Isto não é uma opinião de jornal baseada em percepções e palpites. São estudos de reputadas instituições que insistentemente desmascaram com factos e números a farsa desta governação.
Há duas semanas, o economista chefe do Banco de Desenvolvimento Africano (BAD) citou dados das Nações Unidas que espelham a pilhagem do país nos dias que correm. Joel Daniel Muzima precisou que pelo menos 1,2 mil milhões de dólares saem de Angola todos os anos de forma ilícita.
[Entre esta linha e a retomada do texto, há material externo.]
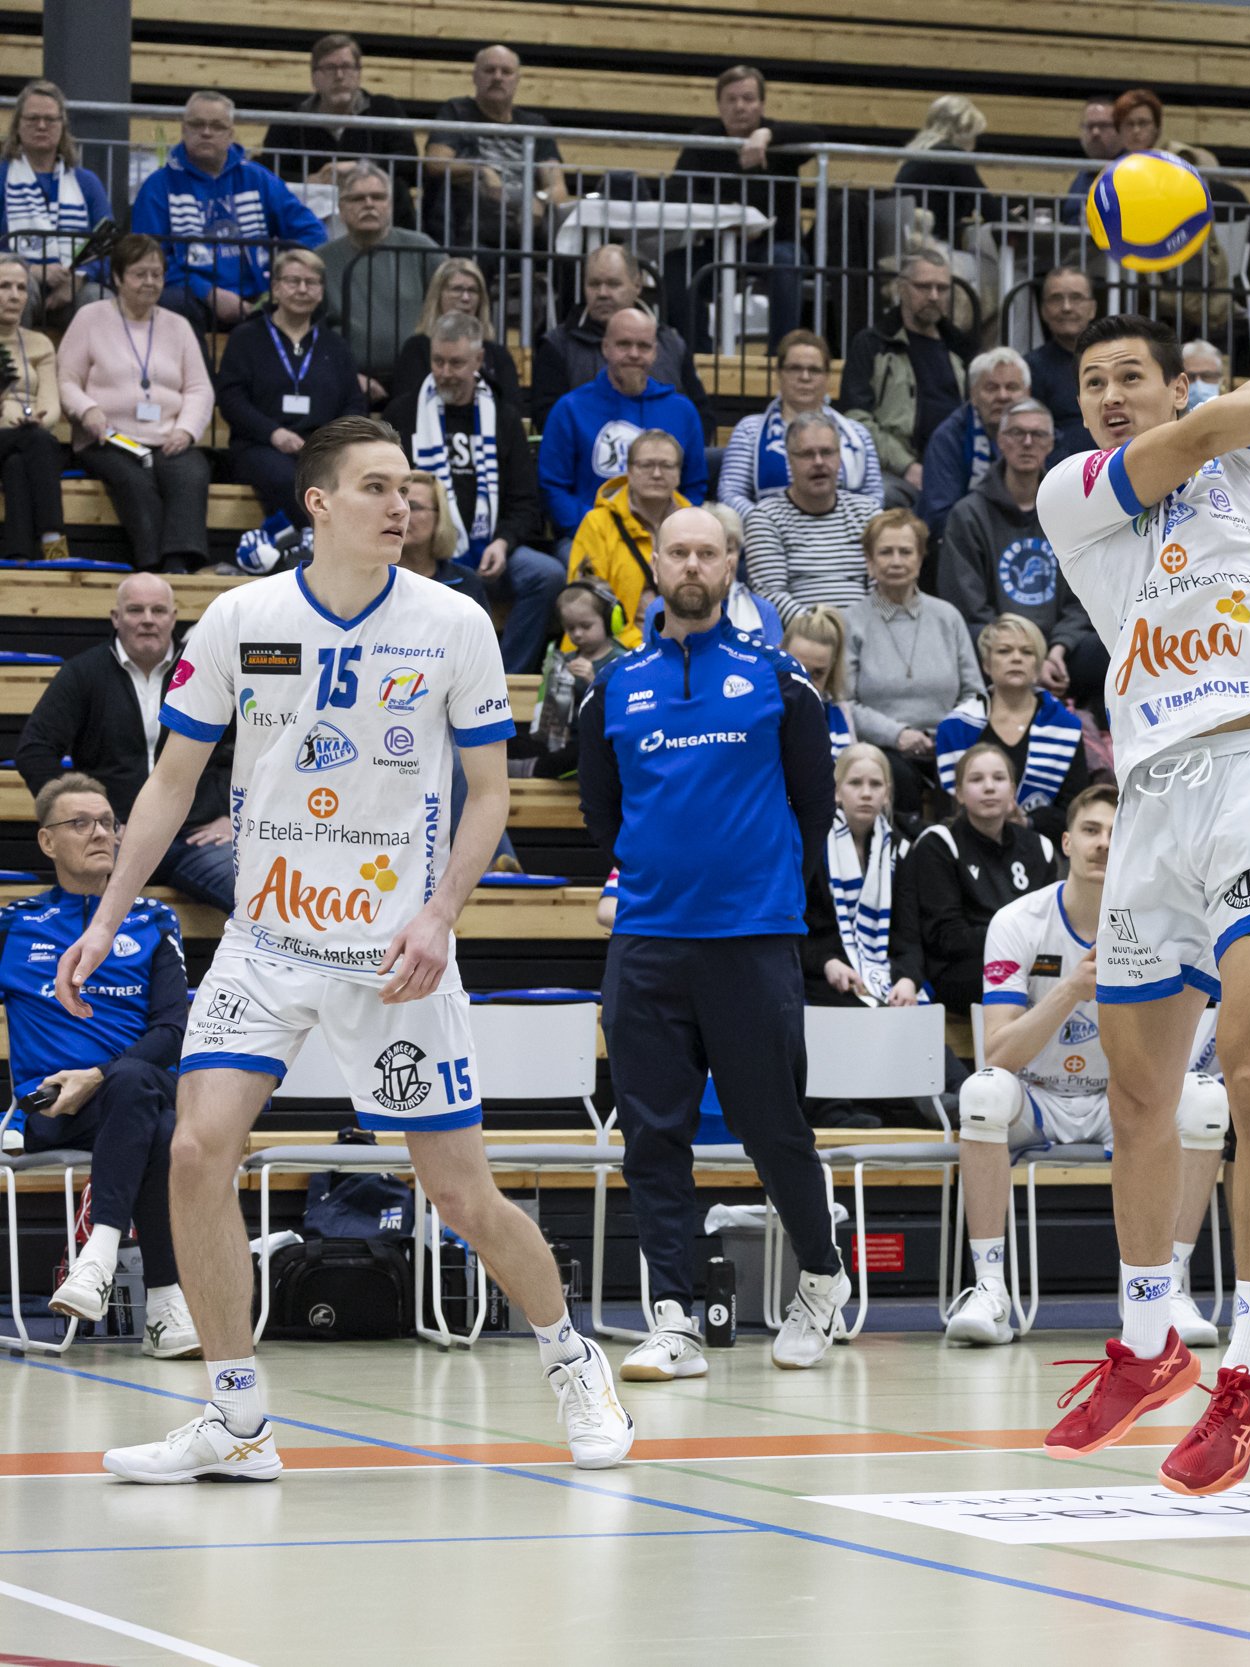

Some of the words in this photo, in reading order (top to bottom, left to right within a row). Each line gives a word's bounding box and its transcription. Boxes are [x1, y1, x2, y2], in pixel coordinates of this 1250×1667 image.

[371, 642, 446, 659] jakosport.fi
[1115, 617, 1243, 696] Akaa
[316, 644, 363, 711] 15
[477, 696, 510, 715] ePar
[628, 689, 654, 703] JAKO
[665, 731, 748, 750] MEGATREX
[259, 821, 411, 847] Etelä-Pirkanmaa
[1011, 861, 1030, 891] 8
[247, 856, 382, 932] Akaa
[1107, 957, 1130, 966] GLASS
[204, 1036, 224, 1046] 1793
[380, 1043, 418, 1065] HÄMEEN
[437, 1057, 473, 1105] 15
[374, 1084, 430, 1111] TURISTIAUTO
[379, 1219, 402, 1231] FIN
[713, 1308, 722, 1322] 3
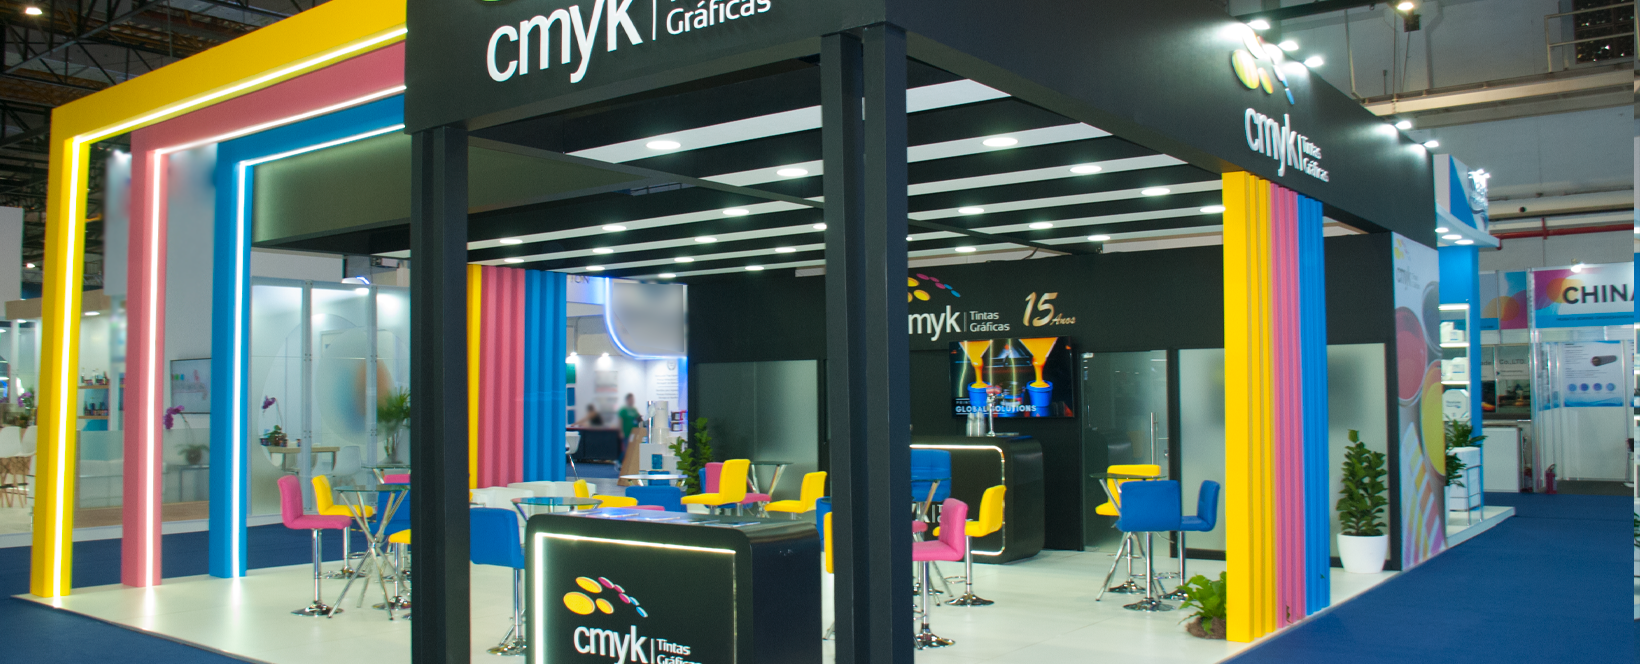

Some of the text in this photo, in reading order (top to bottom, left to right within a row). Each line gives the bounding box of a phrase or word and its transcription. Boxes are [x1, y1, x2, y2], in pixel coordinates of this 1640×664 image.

[666, 0, 772, 35] Gráficas
[486, 0, 643, 83] cmyk
[1244, 107, 1300, 177] cmyk
[1562, 283, 1634, 305] CHIN
[969, 310, 1000, 320] Tintas
[1022, 291, 1058, 327] 15
[1049, 312, 1076, 326] Anos
[907, 305, 962, 342] myk
[969, 322, 1010, 332] Gráficas
[955, 405, 987, 413] GLOBAL
[573, 624, 648, 664] cmyk
[656, 637, 691, 656] Tintas
[656, 653, 703, 664] Gráf
Outros 1,3 mil milhões de dólares de recursos orçamentais caem em saco roto, ao preencherem a rubrica das chamadas despesas ineficientes. Observadores que olharam com outra atenção para os números são menos simpáticos e indulgentes com o regime. Colocam muito mais por alto os números da Organização das Nações Unidas para o Desenvolvimento Industrial, considerando que muitos destes fluxos ilícitos saem do país sem nenhum registo no sistema bancário e financeiro. Em qualquer país digno do nome, estar-se-ia necessariamente diante de um escândalo. Se a justiça não movesse palha, os deputados levantariam a voz para exigir explicações. E mesmo que a justiça movesse palha, os deputados e os políticos teriam a obrigação de quebrar o silêncio. O espaço mediático pautaria os temas até à exaustão e a sociedade reagiria com o estrondo da indignação. Mas por cá, por Angola, os números apresentados pelo representante do BAD não exigiram além de umas chamadas num jornal de economia e alguns flashes em alguns noticiários radiofónicos.
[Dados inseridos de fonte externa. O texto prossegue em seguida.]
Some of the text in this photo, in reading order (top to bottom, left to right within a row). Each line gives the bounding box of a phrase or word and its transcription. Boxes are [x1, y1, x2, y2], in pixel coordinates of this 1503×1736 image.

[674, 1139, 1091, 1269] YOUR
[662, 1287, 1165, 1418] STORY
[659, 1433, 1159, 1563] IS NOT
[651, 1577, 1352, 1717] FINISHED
Com uma ou outra vírgula a mais, o enredo repete-se com uma das incontáveis denúncias sobre os níveis escandalosos da crónica desnutrição no Sul do país. Desta vez, coube à Universidade do Porto (Portugal) recordar os números da vergonha.
Pesquisa indica que a situação atinge 50% das crianças com menos de cinco anos, no Cunene, na Huíla e no Namibe, e que apenas 3,5% têm uma alimentação minimamente aceitável, mostrando que globalmente, nos últimos 15 anos, no sul de Angola, o estado nutricional e as práticas alimentares de crianças com menos de cinco anos aparentam ter piorado.
Um estudo da Universidade portuguesa do Porto classificou como “muito alta” a desnutrição crónica na região Sul de Angola, que compreende as províncias do Cunene, Huíla e Namibe, apresentando um valor de 47,1%, sendo superior na Huíla e no Cunene, e alerta para o agravamento da insegurança alimentar na região.
De acordo com um trabalho publicado na “Acta Portuguesa de Nutrição”, assinado por Isa Viana, Carla Lopes, Duarte Torres e Rita Pereira Luís (Universidade do Porto), em coautoria com Ketha Francisco, do Ministério da Saúde de Angola, Liliana Granja e Sofia Rodrigues, da FRESAN/Camões, I.P., a Universidade do Porto revela que quase metade das crianças com menos de cinco anos no sul de Angola sofre de desnutrição crónica e apenas 3,5% tem uma dieta minimamente aceitável.